Publication number: CN117422829A
Application number: CN202311379379.7A
Authority: CN
Inventors: 魏明强; 赵安; 朱哲; 郭延文; 王伟明; 谢浩然; 王富利
Original assignee: Shenzhen Research Institute Of Nanjing University Of Aeronautics And Astronautics; Nanjing University of Aeronautics and Astronautics
Current assignee: Shenzhen Research Institute Of Nanjing University Of Aeronautics And Astronautics; Nanjing University of Aeronautics and Astronautics
Priority date: 2023-10-24
Filing date: 2023-10-24
Publication date: 2024-01-19

Abstract

The invention discloses a face image synthesis optimization method based on a nerve radiation field, which comprises the steps of obtaining monocular RGB face video, carrying out frame extraction and two-dimensional face image fitting, carrying out real-time face tracking and analysis on a two-dimensional face image, and obtaining camera internal parameters, pose parameters and expression parameters; adopting camera internal parameters and pose parameters to sample light of a two-dimensional face image, obtaining corresponding three-dimensional coordinates, and carrying out position coding on the obtained three-dimensional coordinates; inputting the coded position and expression parameters and latent codes into a neural network formed by MLP to train a nerve radiation field, and obtaining RGB color values and densities; synthesizing RGB color values and density into a two-dimensional face image of a two-dimensional new view angle by utilizing volume rendering; and (3) optimizing the two-dimensional face image synthesized in the step (S4) by adopting a generating countermeasure network. The neural network training time is short, the generated face image has less artifacts, the details are more abundant, and the neural network training method has wider prospects.

Description

Face image synthesis optimization method based on nerve radiation field

Technical Field

The invention belongs to the technical field of three-dimensional reconstruction and image new view angle synthesis, and particularly relates to a face image synthesis optimization method based on a nerve radiation field.

Background

Virtual digital man is a human body simulation technology based on computer technology, and can be used for simulating and reproducing the appearance, actions, behaviors and the like of human beings. Technically, virtual digital people have strong comprehensiveness and crossover, and relate to multiple fields of three-dimensional vision, computer graphics, natural language processing, including bionics, behavioural psychology, behavioural logic, and the like. Industrial applications around virtual digital people have also begun to land successively thanks to the continued development of digital man technology, for example in games and virtual reality, where virtual digital people can achieve highly realistic character simulation and motion capture, improving the immersion and realism of games and virtual reality.

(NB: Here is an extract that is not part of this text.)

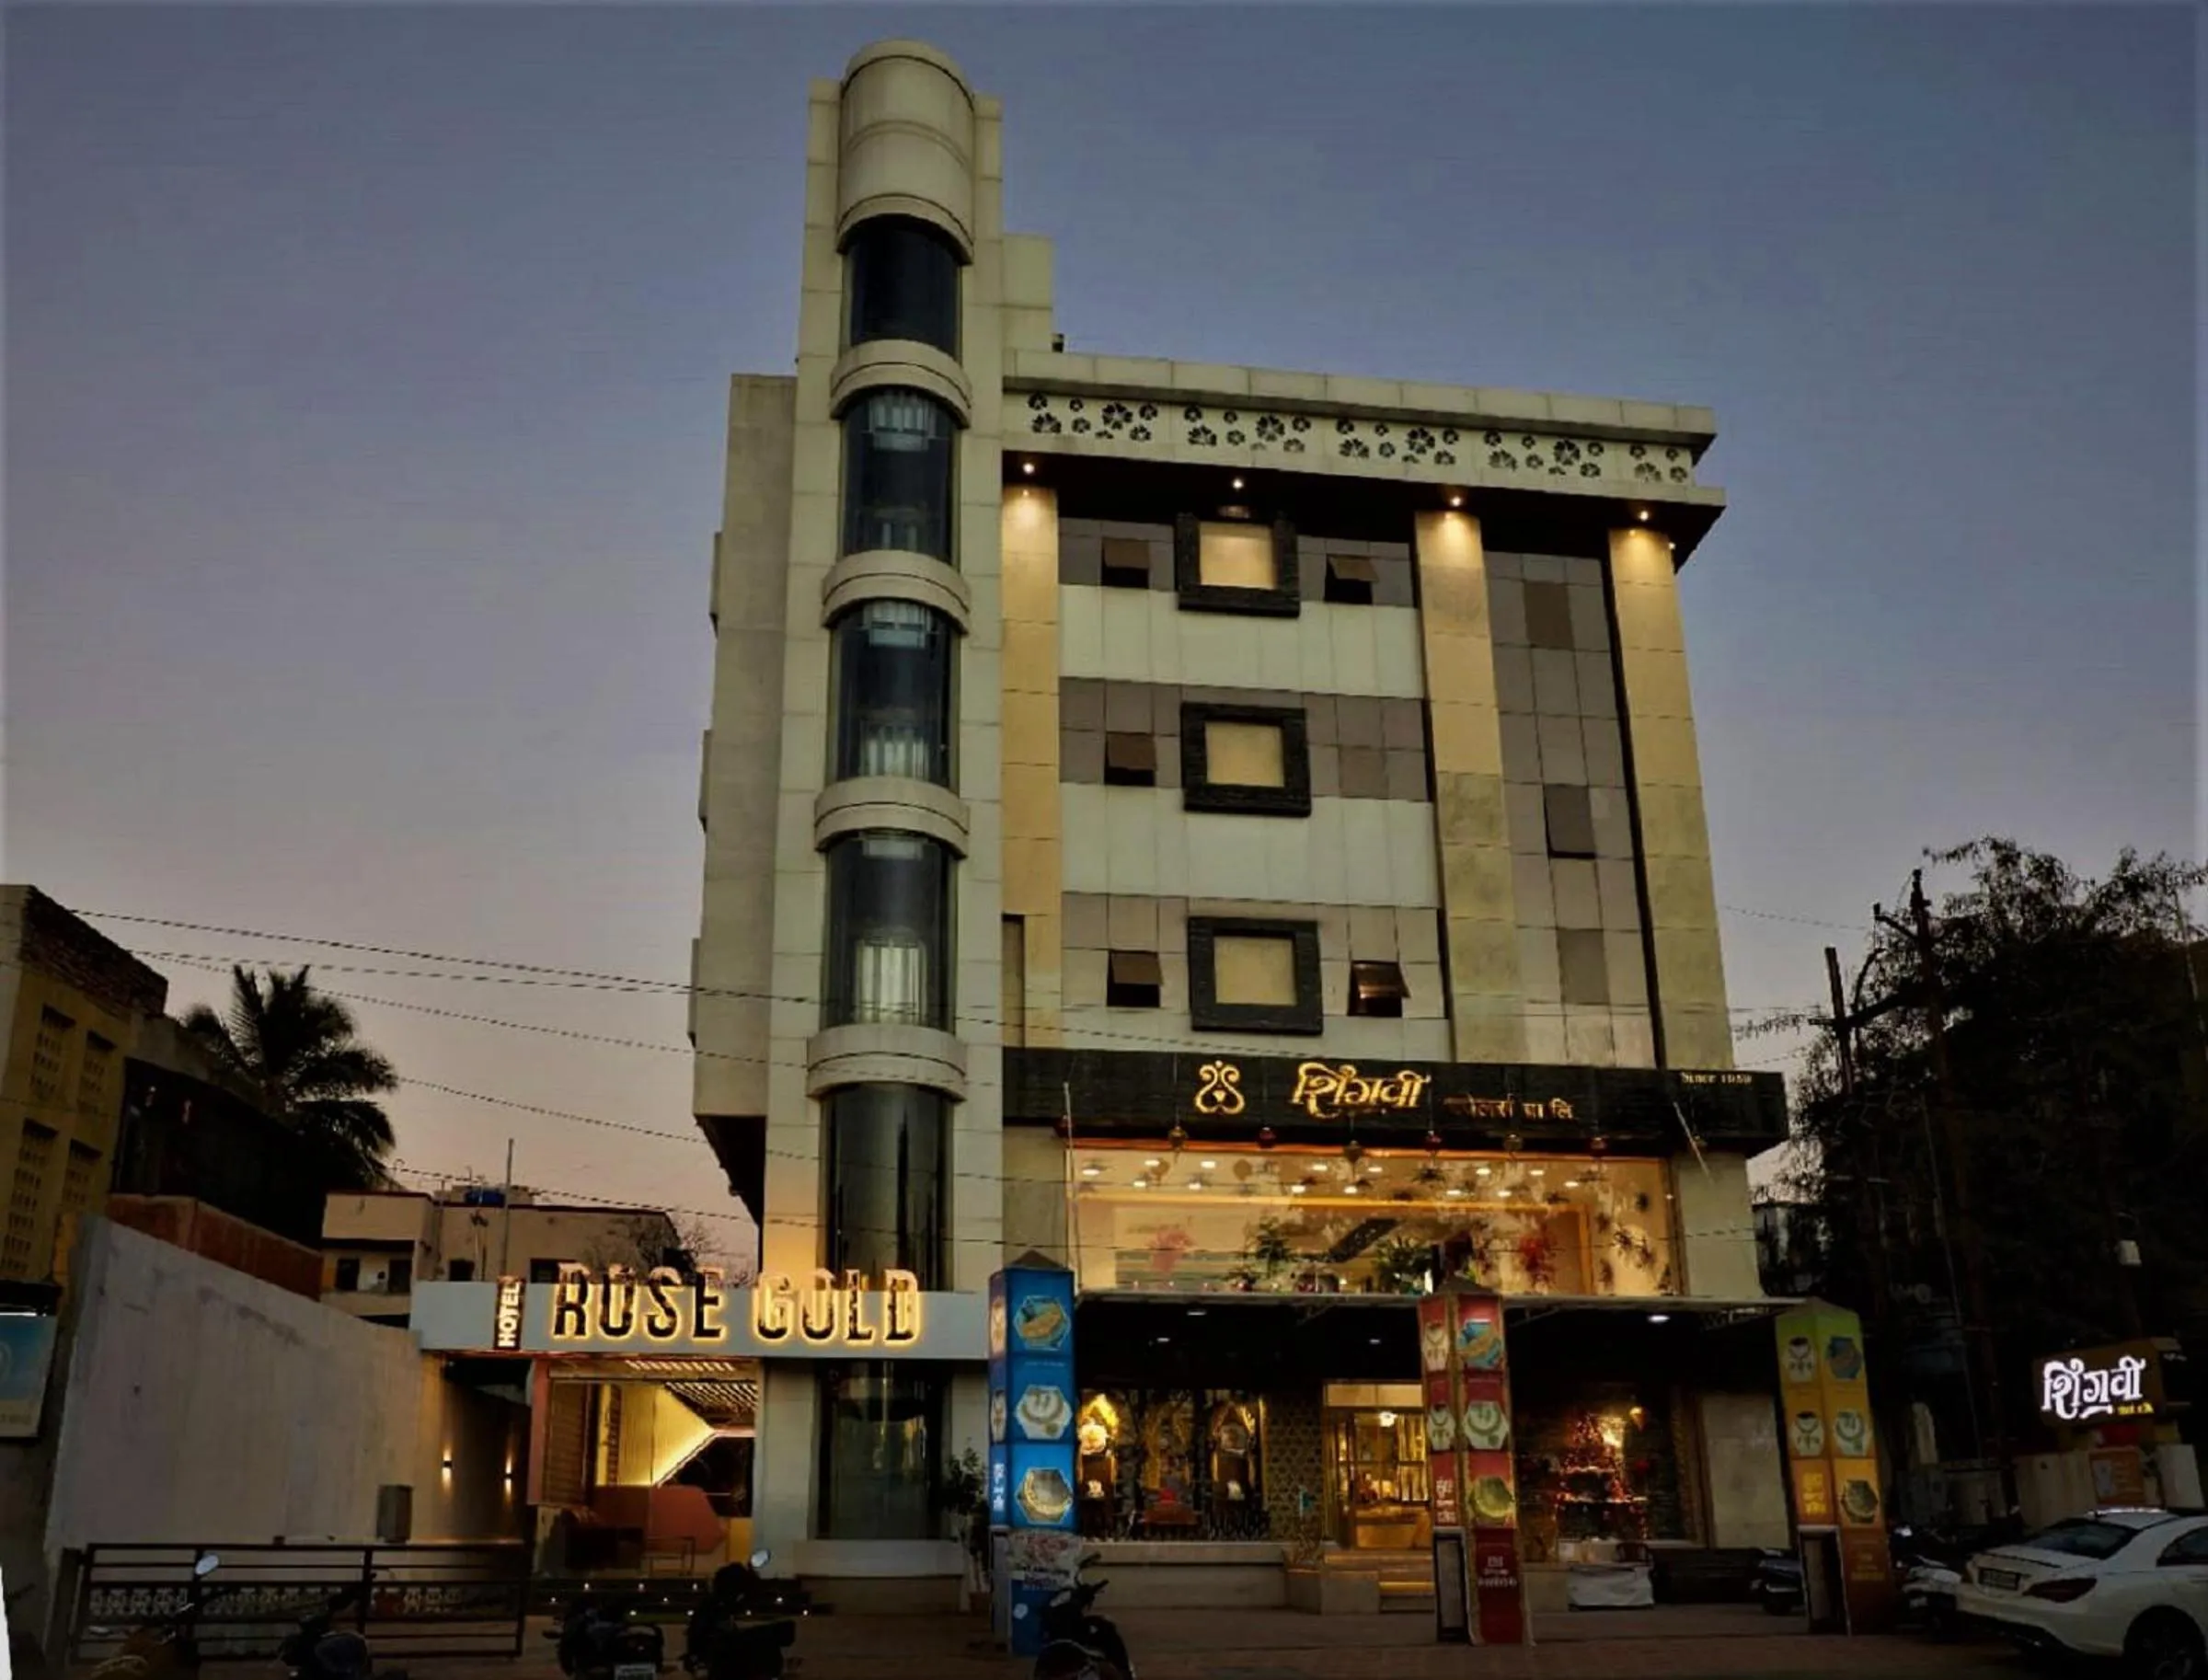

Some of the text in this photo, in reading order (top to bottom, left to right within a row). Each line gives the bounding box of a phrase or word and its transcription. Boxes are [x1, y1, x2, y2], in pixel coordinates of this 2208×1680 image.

[498, 1280, 521, 1348] HOTEL
[551, 1261, 922, 1347] ROSE GOLD

As an important component of virtual digital man-made technology, three-dimensional face reconstruction has been a hot research direction in the fields of computer vision, computer graphics, and three-dimensional reconstruction. Because the facial features are basically similar in distribution position, the facial features can be mapped to the constructed low-dimensional parameterized face model, so that the digital high-efficiency expression of the face is realized.

Most of the existing researches are based on face reconstruction technology of a generated type countermeasure network, and by constructing an effective network structure and restricting the generated result to be consistent with the data distribution of a pre-collected data set, the related method can directly bypass the traditional three-dimensional explicit modeling and directly render high-quality face images with high resolution at photo level. However, when the pose parameters of the camera are changed, the reconstructed face image is difficult to maintain the consistency of the visual angles. In recent years, face reconstruction based on an implicit nerve function starts to be raised, and by taking HeadNeRF as an example, the method implicitly expresses information such as facial expression, identity and the like by means of a 3DMM low-dimensional face model. However, for images deviating from the training data, only results close to the training data can be returned in the relevant fitting task, so that the fitting cannot be performed accurately, and since the training data rarely relate to images with headwear, it is difficult to render headwear relevant content in the fitting results.

Disclosure of Invention

The invention aims to solve the technical problem of providing a face image synthesis optimization method based on a nerve radiation field aiming at the defects of the prior art.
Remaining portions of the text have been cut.